$\DeclareMathOperator*{\argmin}{arg\,min}$
I got introduced to the concept of convex optimization after viewing Stephen P. Boyd's lecture vidoes on the topic from the Machine Learning Summer School 2015 in Tubingen. Prof. Boyd has a very engaging style of explaining the topic. His lectures also included some code samples using the CVXPY library, which was developed in his lab. After finishing the lectures, I decided to give the library a try and put to test some of Prof.
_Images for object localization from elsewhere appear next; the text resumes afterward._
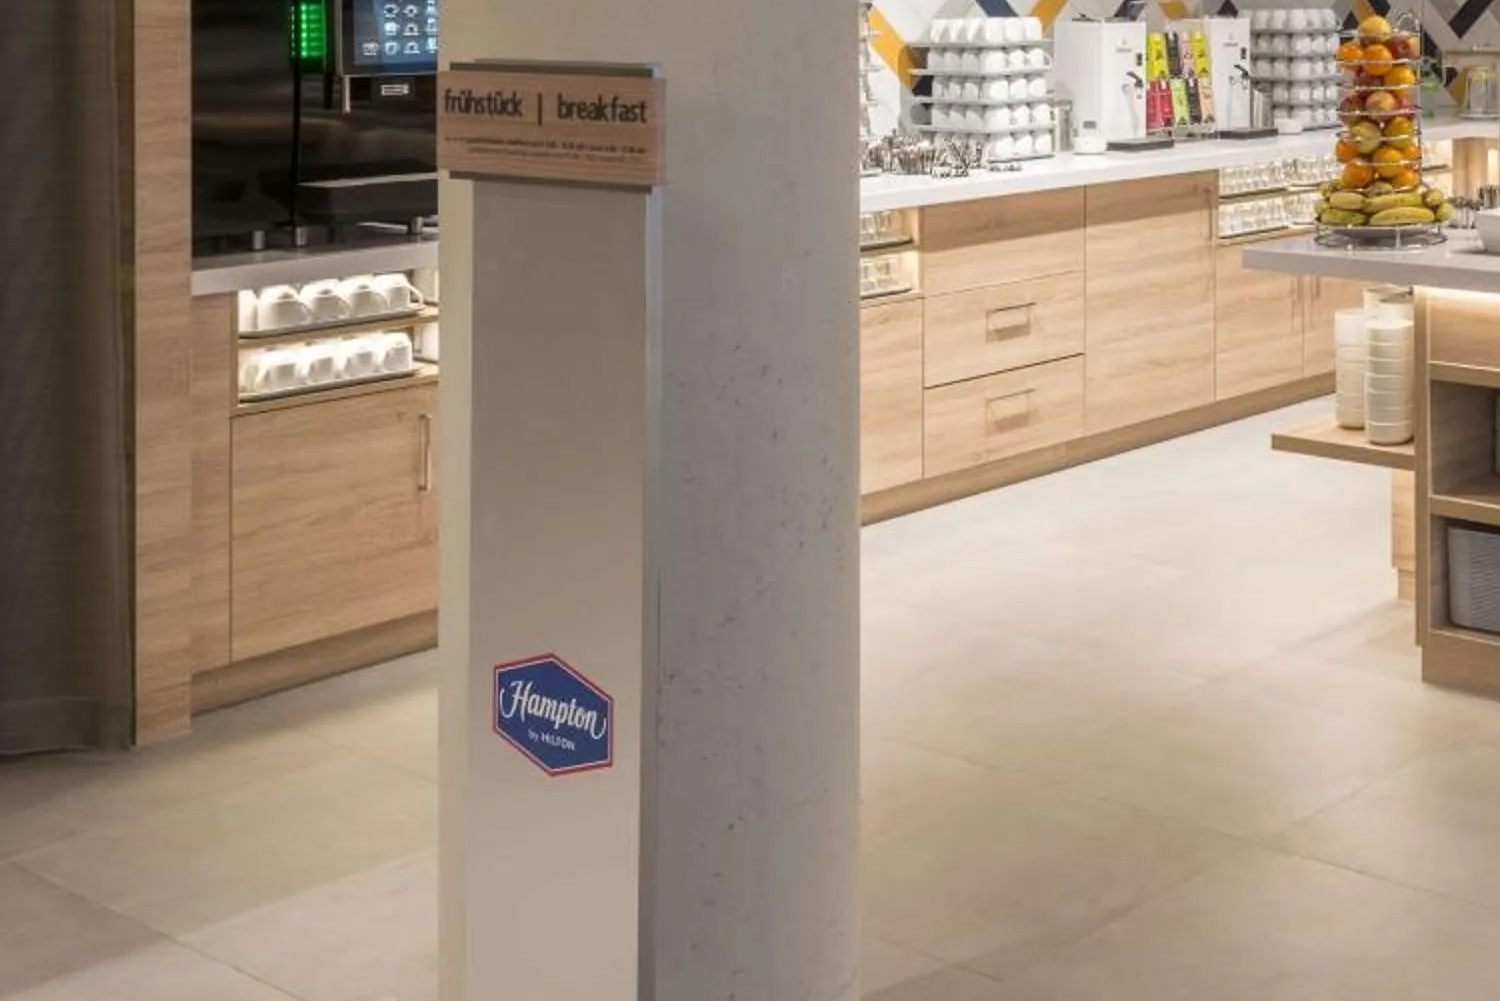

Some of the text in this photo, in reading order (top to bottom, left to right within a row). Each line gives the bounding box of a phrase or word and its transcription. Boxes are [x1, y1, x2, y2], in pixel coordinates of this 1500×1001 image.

[443, 86, 648, 124] frühstück breakfast
[499, 680, 607, 740] Hampton
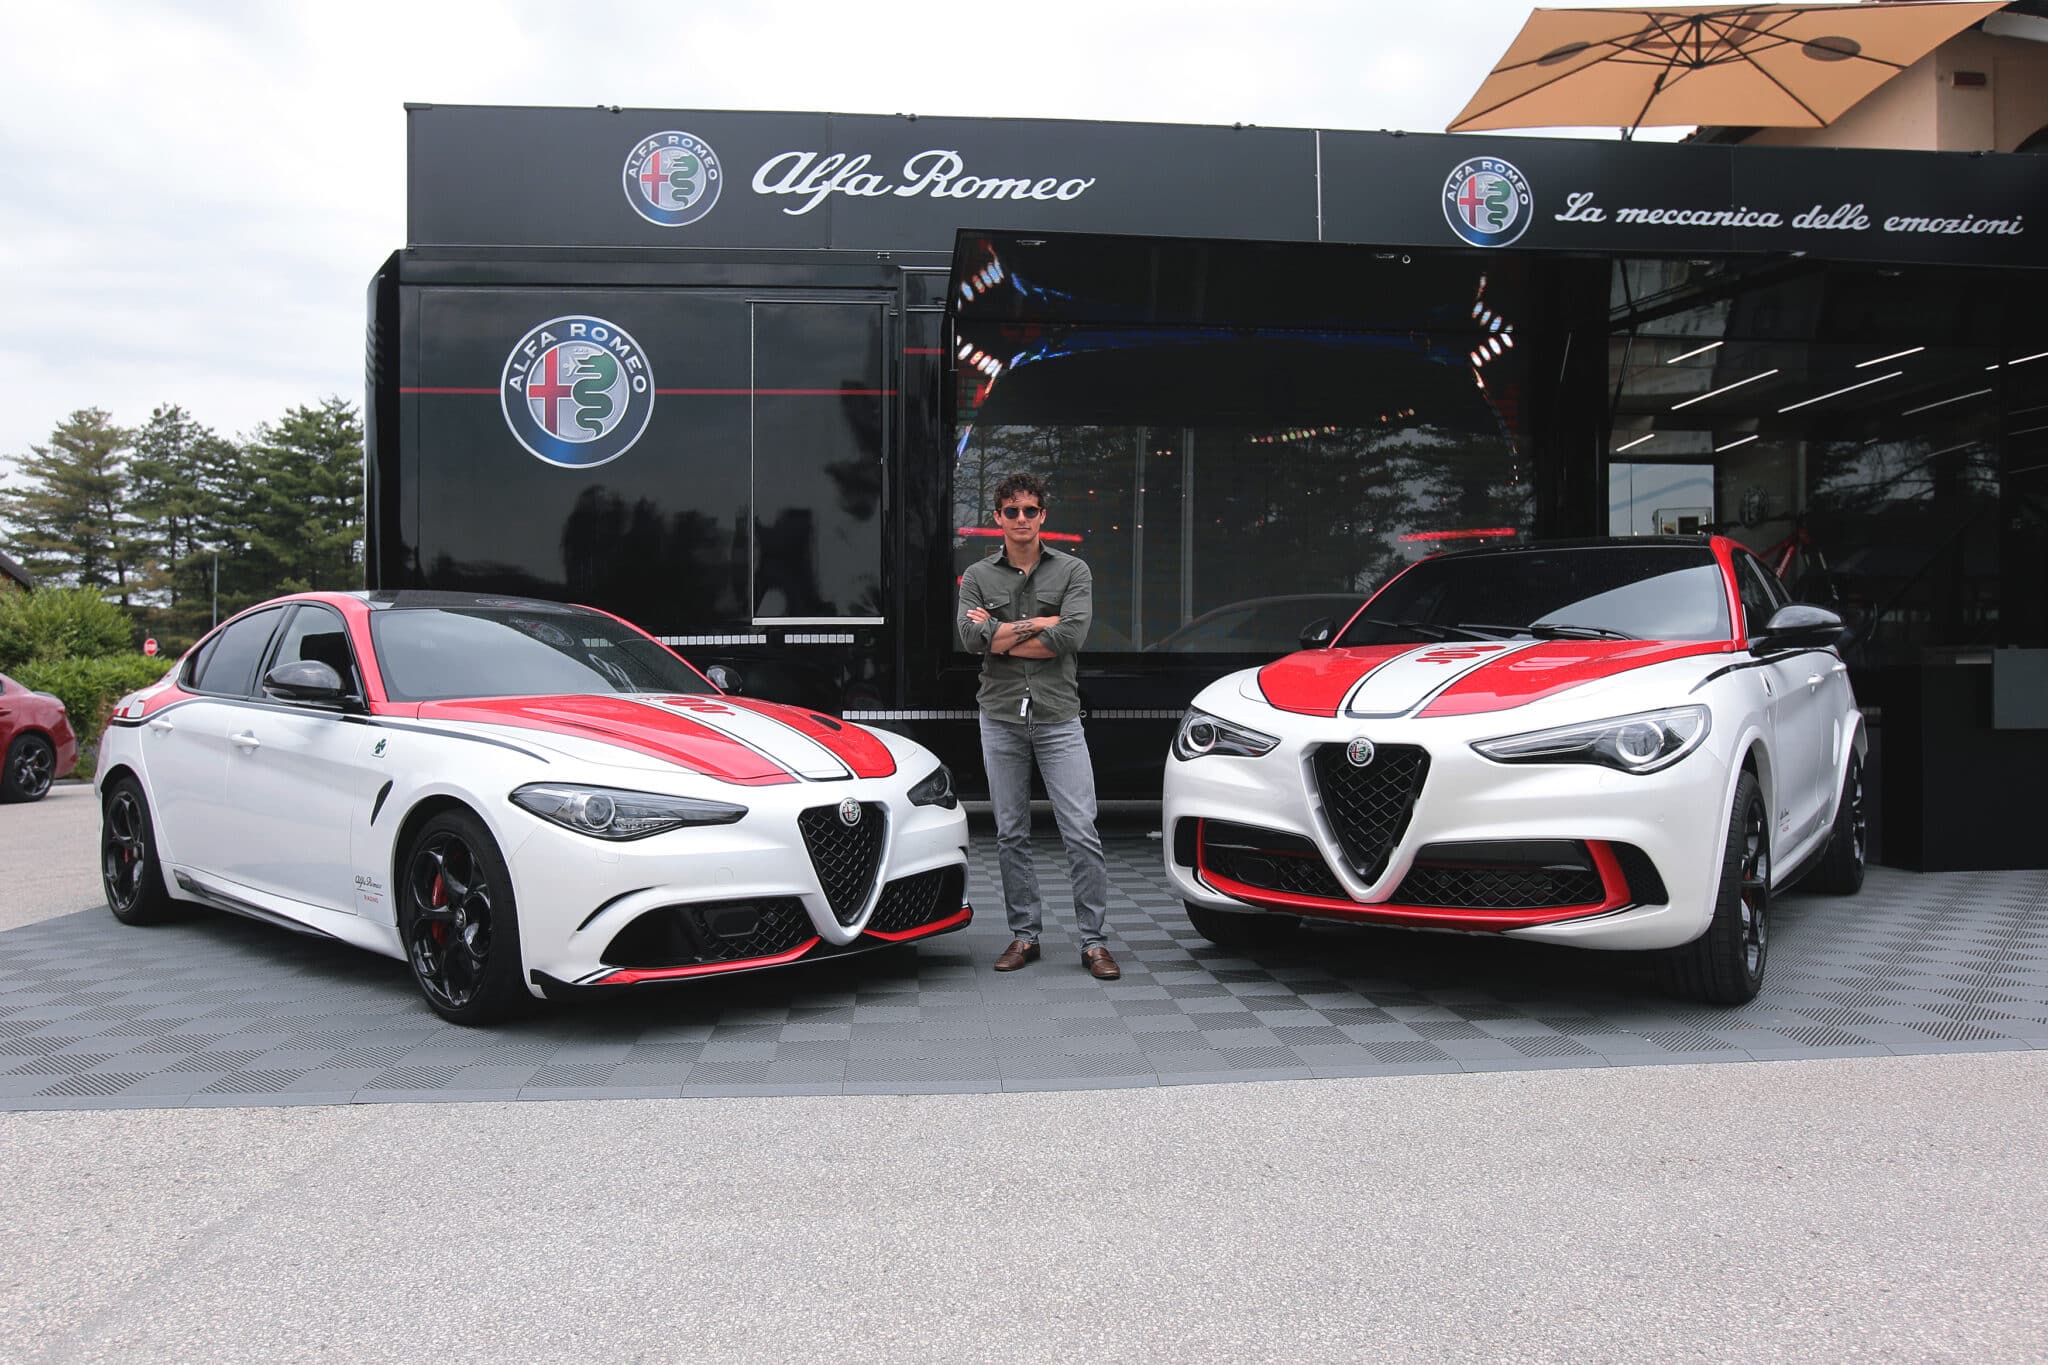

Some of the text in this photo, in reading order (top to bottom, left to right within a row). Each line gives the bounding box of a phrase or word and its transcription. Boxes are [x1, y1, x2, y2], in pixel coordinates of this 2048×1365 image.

[628, 135, 718, 181] ALFA ROMEO
[752, 150, 1096, 215] Alfa Romeo
[1447, 160, 1529, 205] ALFA ROMEO
[1554, 192, 2024, 235] La meccanica delle emozioni
[509, 323, 647, 394] ALFA ROMEO
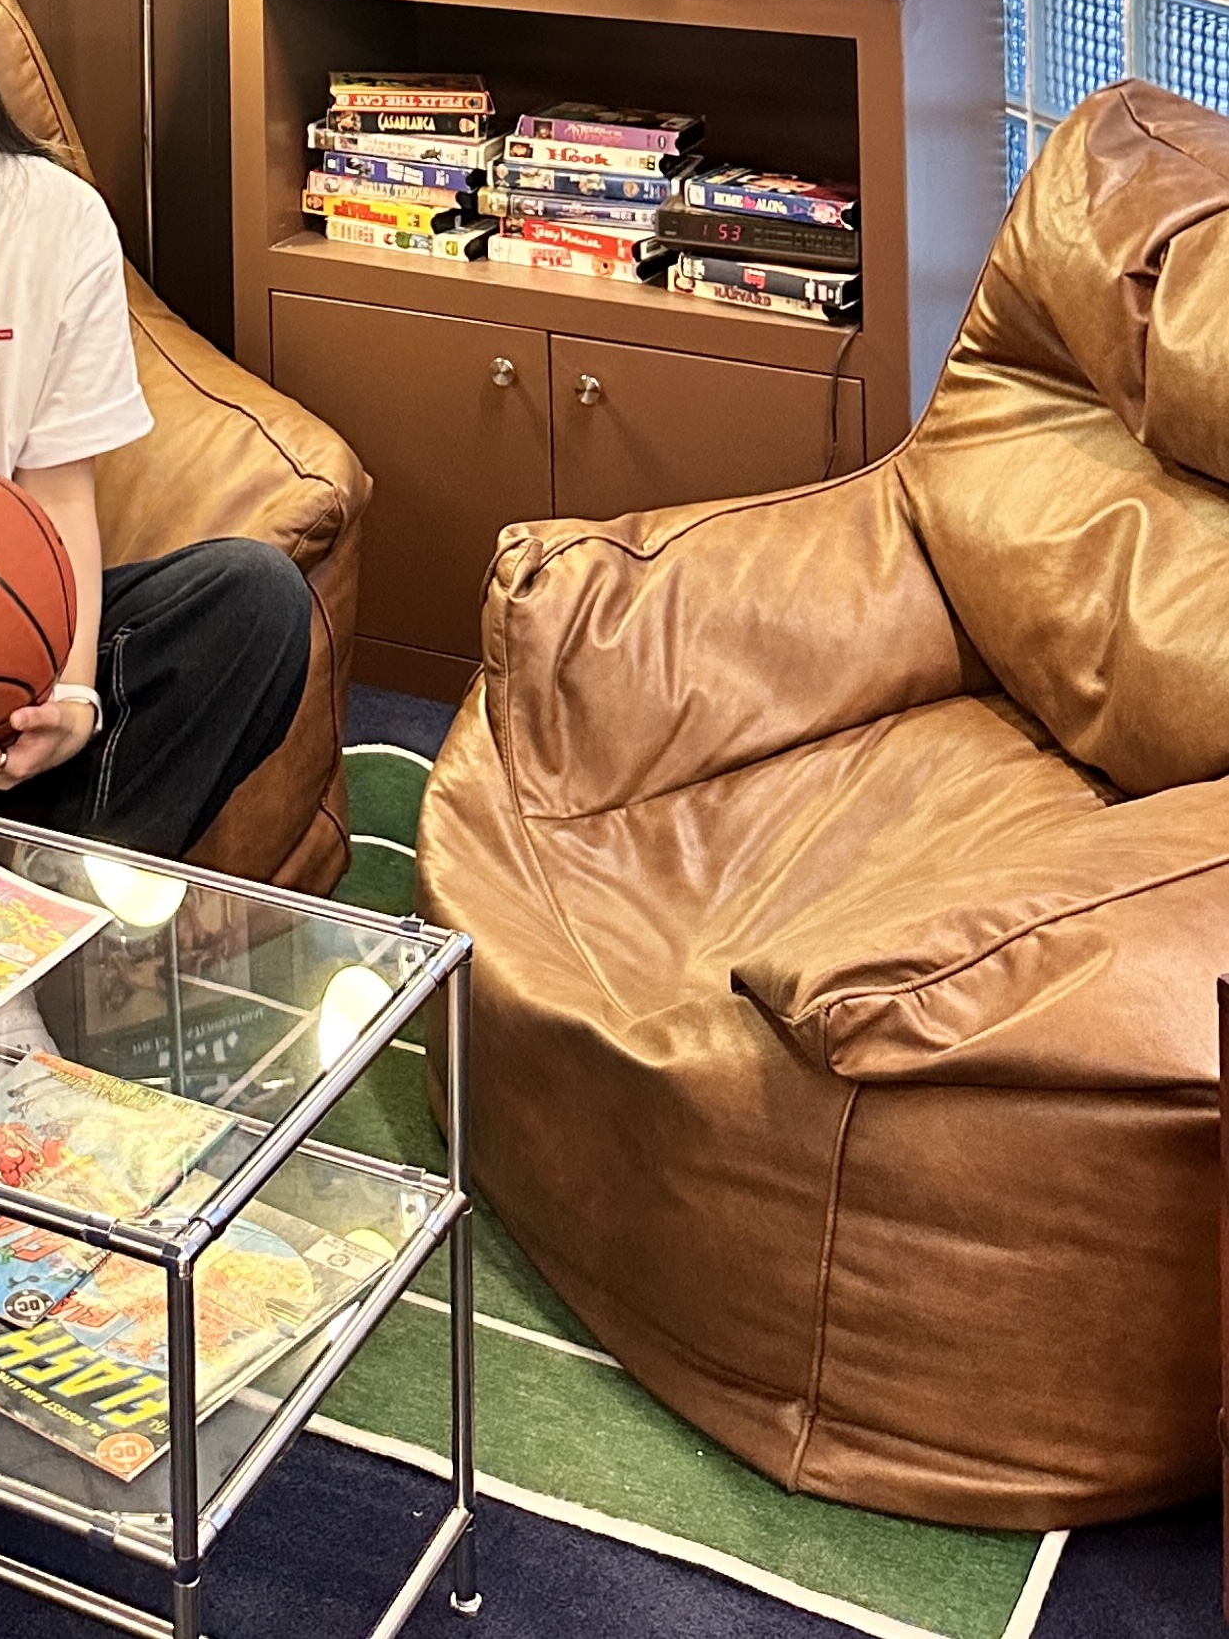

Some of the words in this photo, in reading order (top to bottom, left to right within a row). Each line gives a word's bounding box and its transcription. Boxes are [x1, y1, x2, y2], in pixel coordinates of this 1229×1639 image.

[354, 94, 384, 107] CAT
[384, 95, 416, 107] THE
[418, 95, 465, 108] FELIX
[376, 112, 437, 132] CASABLANCA
[546, 147, 612, 167] Hook
[713, 191, 744, 209] HOME
[18, 1299, 40, 1312] DC
[19, 1384, 47, 1407] MAN
[41, 1397, 89, 1427] FASTEST
[112, 1444, 138, 1458] DC
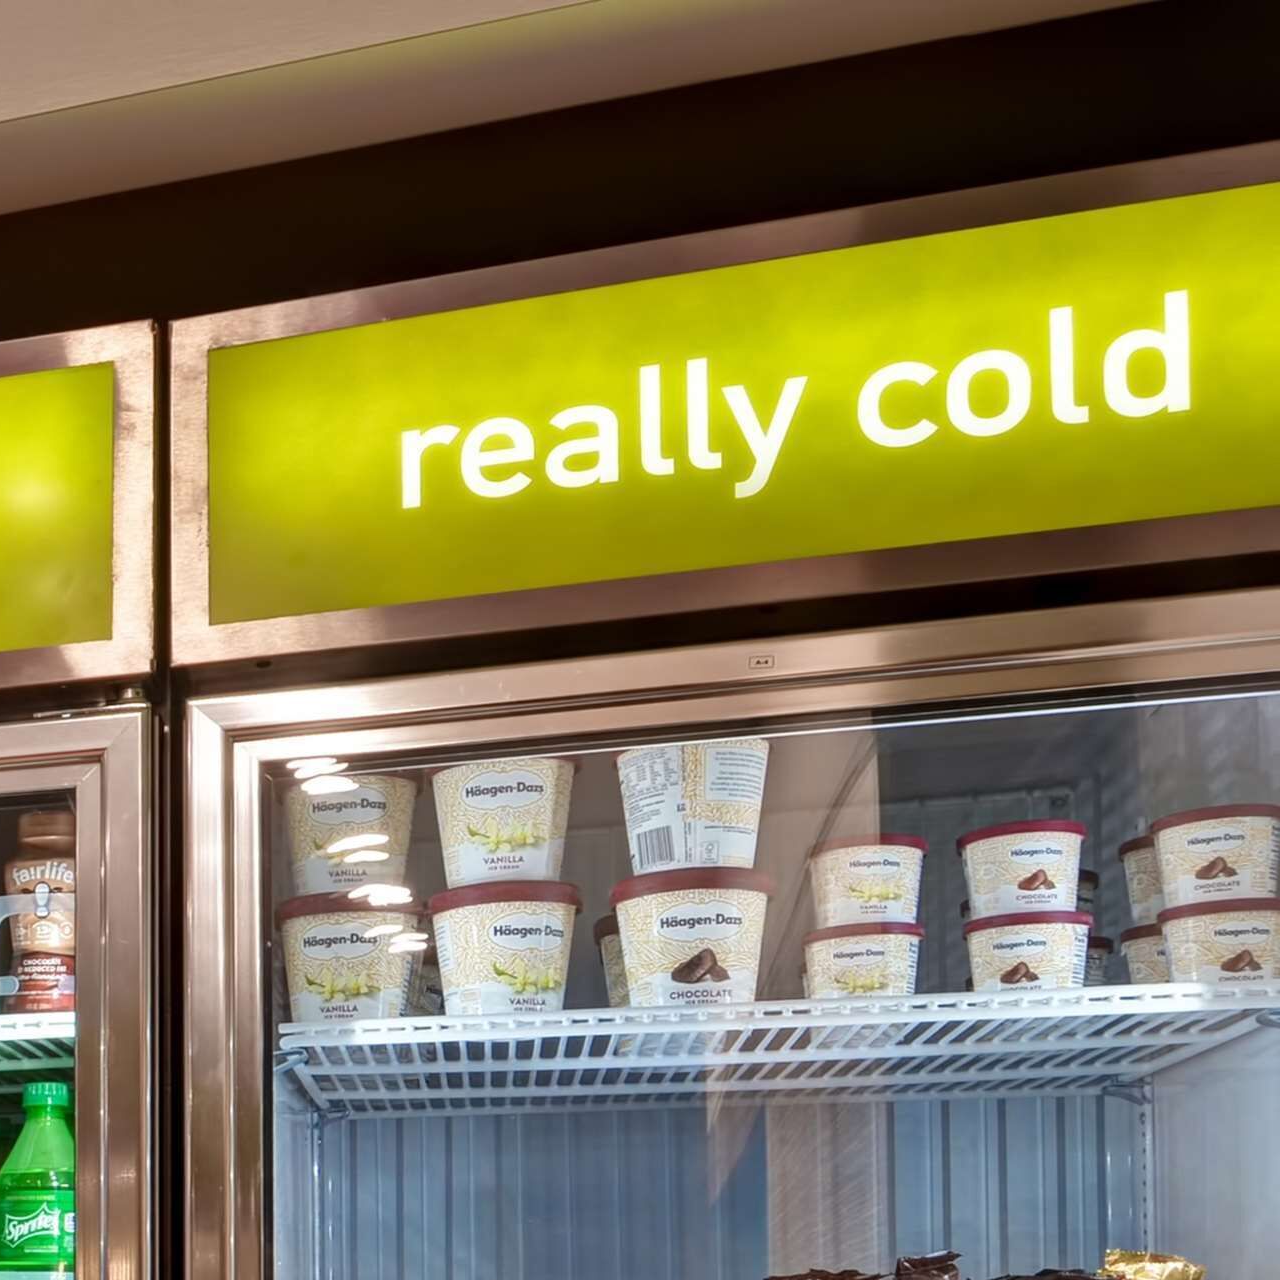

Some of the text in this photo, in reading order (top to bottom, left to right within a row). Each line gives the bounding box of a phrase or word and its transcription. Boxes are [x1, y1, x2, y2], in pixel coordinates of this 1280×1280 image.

Boyd's claims of solving the convex optimization problem by not caring about the solver -- or as he exclaims multiple times during the lectures -- "None of your goddamn business".
I will not go into the details of convex optimization but will just try to explain it from the perspective of optimization and convex functions.
In optimization the goal is to find the arguments $\theta$ which maximize or minimize a given function $f(\theta)$. The function $f(\theta)$ can be any complex entity e.g. the average sales per day of a given company under some constraints such as the number of units which can be produced or sold should be less than a threshold. More formally, the goal is to find $\theta = \argmin_{\theta}{f(\theta)}$ if the function needs to be minimized.
In convex optimization we put a condition on the allowed family of functions to be optimized. The condition is that the functions should be convex i.e. they should have only one global extremum (either maxima or minima). This yields very nice properties for creating efficient optimization algorithms for such functions.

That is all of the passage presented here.